AI for Accessibility - Design Technologist

March 26, 2024
Presentation

Role: Design Technologist
Tech: React, OpenAI API, Cloudflare, Accessibility,
Year: 2023 - 2024

I have been exploring AI to solve real-world challenges, focusing on accessibility and user-centric solutions. Below are key projects where I've used cutting-edge AI technologies to enhance efficiency and inclusivity in digital environments.

A microchip featuring the letters "AI" and a stylized human figure at its center.



Transcription Tool Development

Tech: React, Whisper API, GPT-3.5
Background:

I identified a significant issue that needed resolution for my mother and her specific needs. She has been working as a meeting secretary, traditionally relying on pen and paper for note-taking. Her work involved creating detailed protocols from complex meetings with union representatives, necessitating accuracy and thoroughness.

Challenge:
The challenge arose when she attempted to transition to digital note-taking. This shift was cumbersome due to the inefficiency of existing dictation tools, which produced poorly structured and difficult-to-follow text.

Screenshot of a user interface with buttons for transcription and summarization, and a prompt to upload a file.

Solution:
In the summer of 2023, I delved into AI to develop a transcription tool using Whisper API and ChatGPT 3.5. The goal was to learn more about the potential of AI but also improve text structure and speaker identification. The prototype significantly streamlined her workflow, enhancing efficiency in note-taking and protocol development.

Impact:
The tool not only benefited my mother by reducing her post-meeting workload but also proved useful in user testing sessions, speeding up insight gathering and presentation preparation.

Assistant API Development

Tech: React, Assistant API, Vision API, GPT-4
Background:
Inspired by the release of GPT-4 and the new possibilities, I initiated the development of an Assistant API in the fall of 2023. Starting with a GitHub boilerplate template, I aimed to explore the capabilities of custom GPTs and their applications in enhancing content accessibility.

Challenge:
The challenge was to understand the Assistant API and fully utilize its potential. GPT-4 is a much more powerful model, and OpenAI introduced a code interpreter and the ability to analyze chunks of text and documents. This allowed for faster summarization and analysis of documents, PDFs, and Word files. During the project, I realized I could leverage this tool for accessibility. One of the biggest pain points in the accessibility community is the lack of alternative text on images. By combining this tool with the Vision API, Assistant API, and GPT-4, I ensured that content was more accessible and contextually relevant.

Solution:
The solution evolved from merely syncing APIs to create a Chrome extension where I could analyze images and suggest or generate alt-texts. This extension was designed to aid content editors in efficiently managing and enhancing the accessibility of web content.

Impact:
The tool has become a valuable tool for content editors, enabling them to identify images lacking alt-text and generate suitable descriptions. This development not only improves the accessibility of web content but also streamlines the content creation and review process. The tool's success has led to considerations for its broader application and potential scale-up using a corporate account with OpenAI.
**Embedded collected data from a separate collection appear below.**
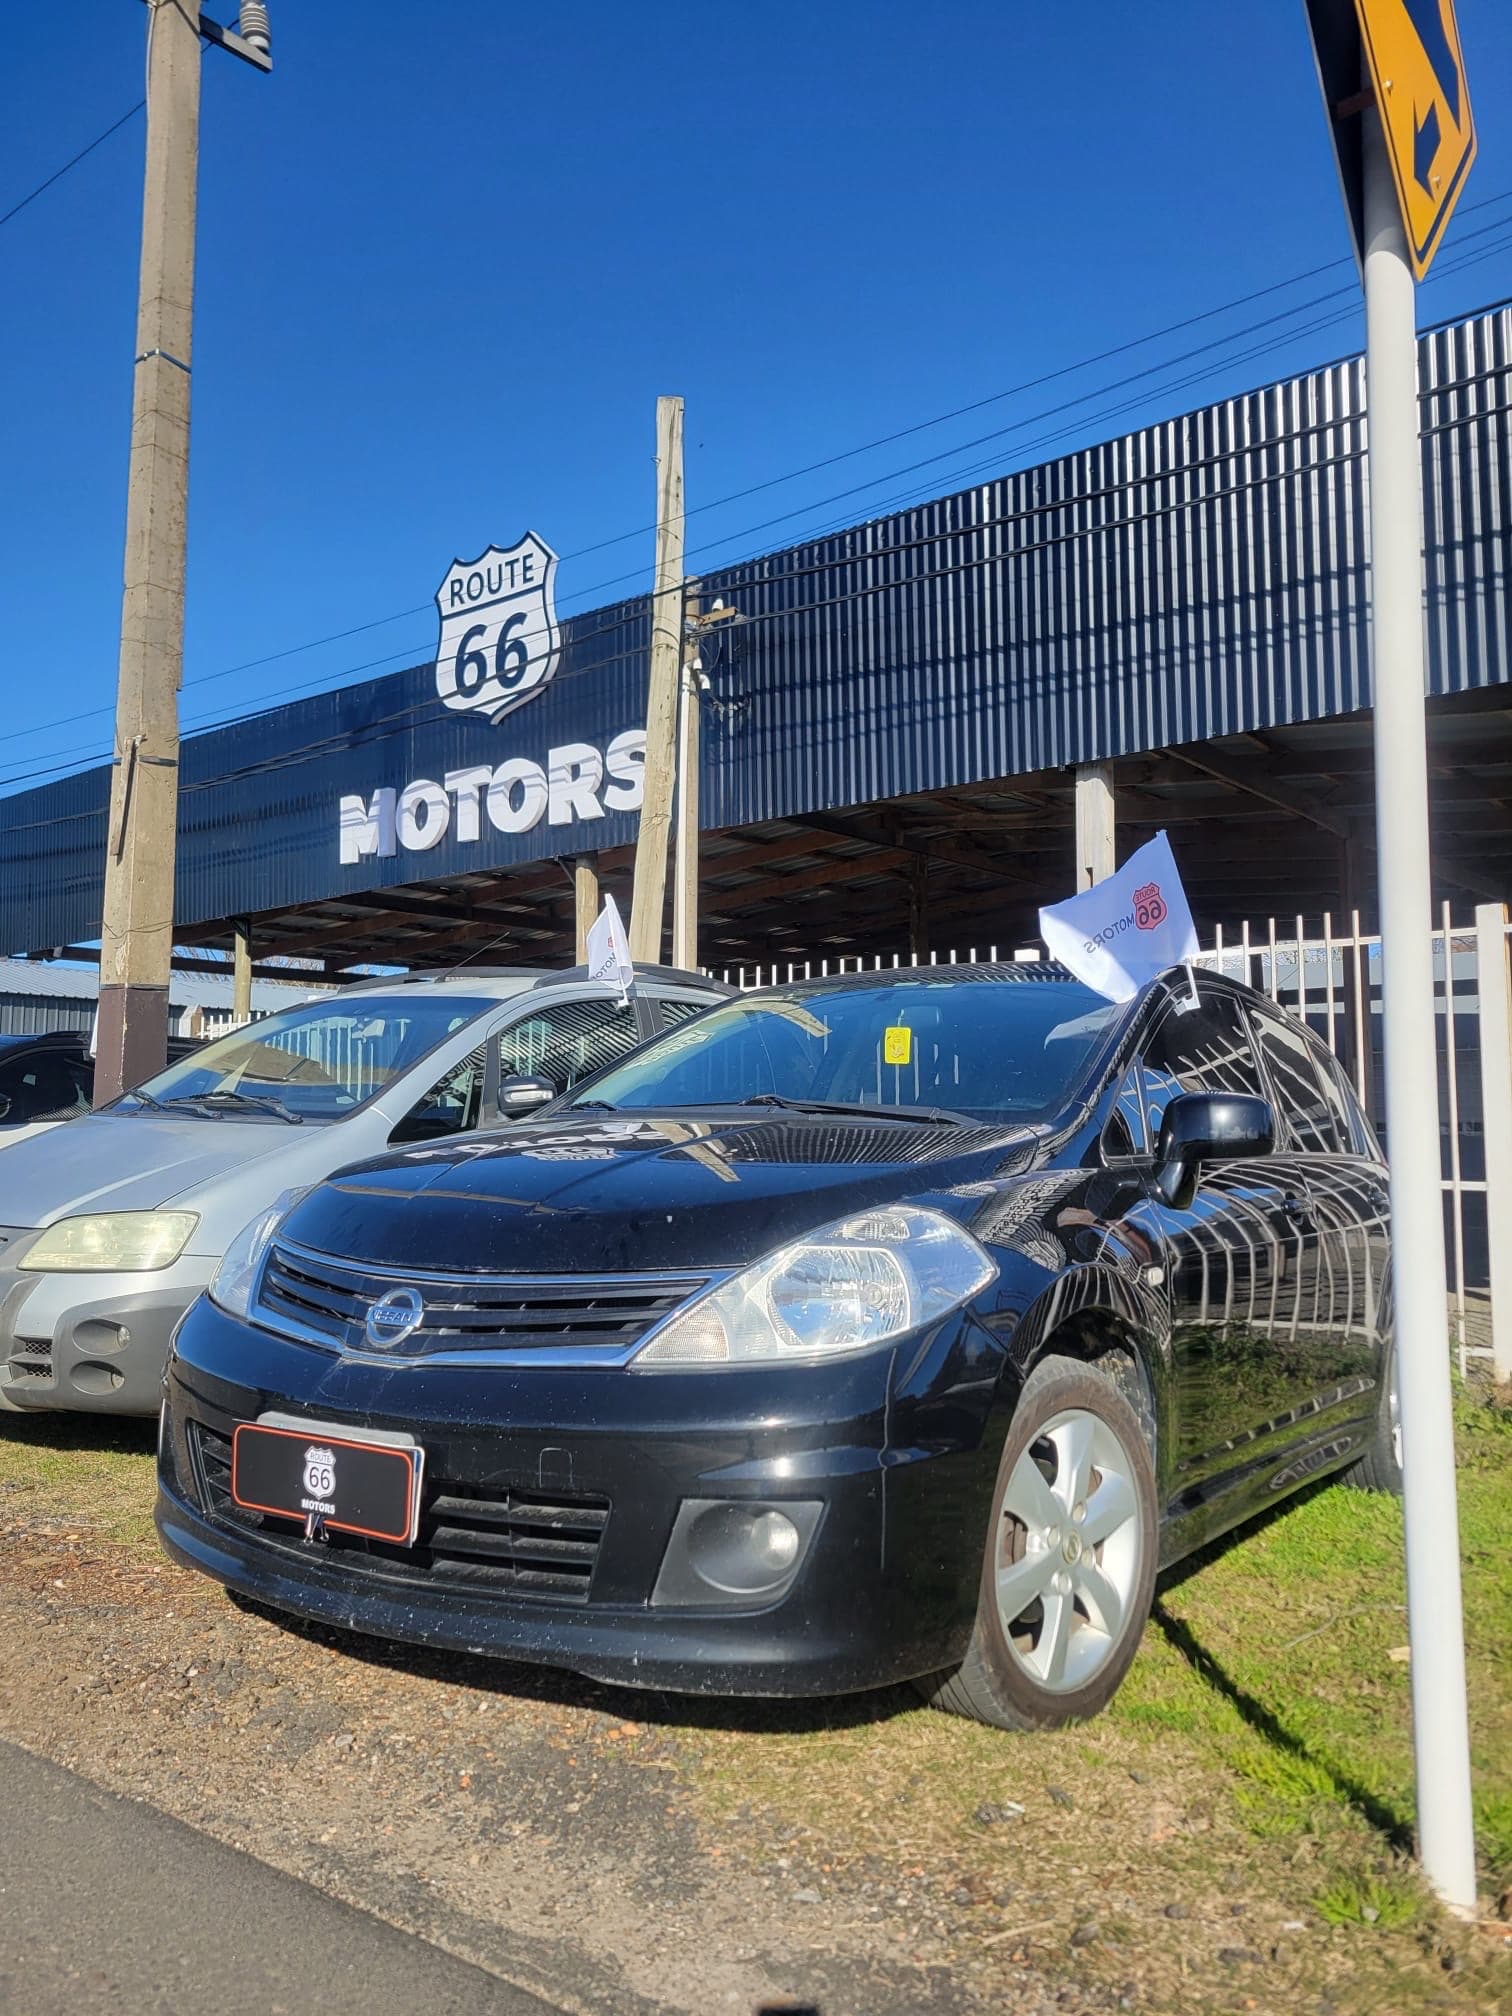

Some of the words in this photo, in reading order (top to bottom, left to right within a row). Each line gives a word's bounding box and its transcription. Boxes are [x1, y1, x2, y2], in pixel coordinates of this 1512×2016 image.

[450, 552, 535, 608] ROUTE
[455, 612, 528, 699] 66
[339, 730, 648, 865] MOTORS
[309, 1466, 331, 1490] 66
[301, 1498, 336, 1515] MOTORS
Transforming Visual Content into Narrated Experiences with AI

Tech: Flutter, Dart, Vision API, GPT-4
Background:

During the winter of 2023 and early 2024, I saw the potential to create a real-time vision AI to help visually impaired individuals see the world through their phones. Using Flutter and the Vision API, I developed an application that enables users to understand their surroundings. The application was able to bridge the gap between visual content and users who need accessibility features.

Challenge:
The main hurdle was to convert visual information from images into descriptive text that could be easily understood and narrated, ensuring the content was accessible to a wider audience.

Solution:
The developed application captures images for analysis by OpenAI, which then translates the visual data into descriptive text. This text is further processed using ElevenLabs' speech synthesis, incorporating a voice clone for a personalized narration experience.

Impact:
This innovative approach demonstrates the potential of AI in enhancing digital accessibility, offering a novel solution that converts visual data into narrated text, thereby improving content accessibility for individuals with visual impairments. While still in progress, the prototype highlights the transformative possibilities AI holds for accessibility enhancements.

Update May 2024 - GPT-4o

With the introduction of GPT-4o and collaboration with "Be My Eyes," this new feature will be coming soon. It's exciting that I was experimenting with similar solutions just a few months before the release.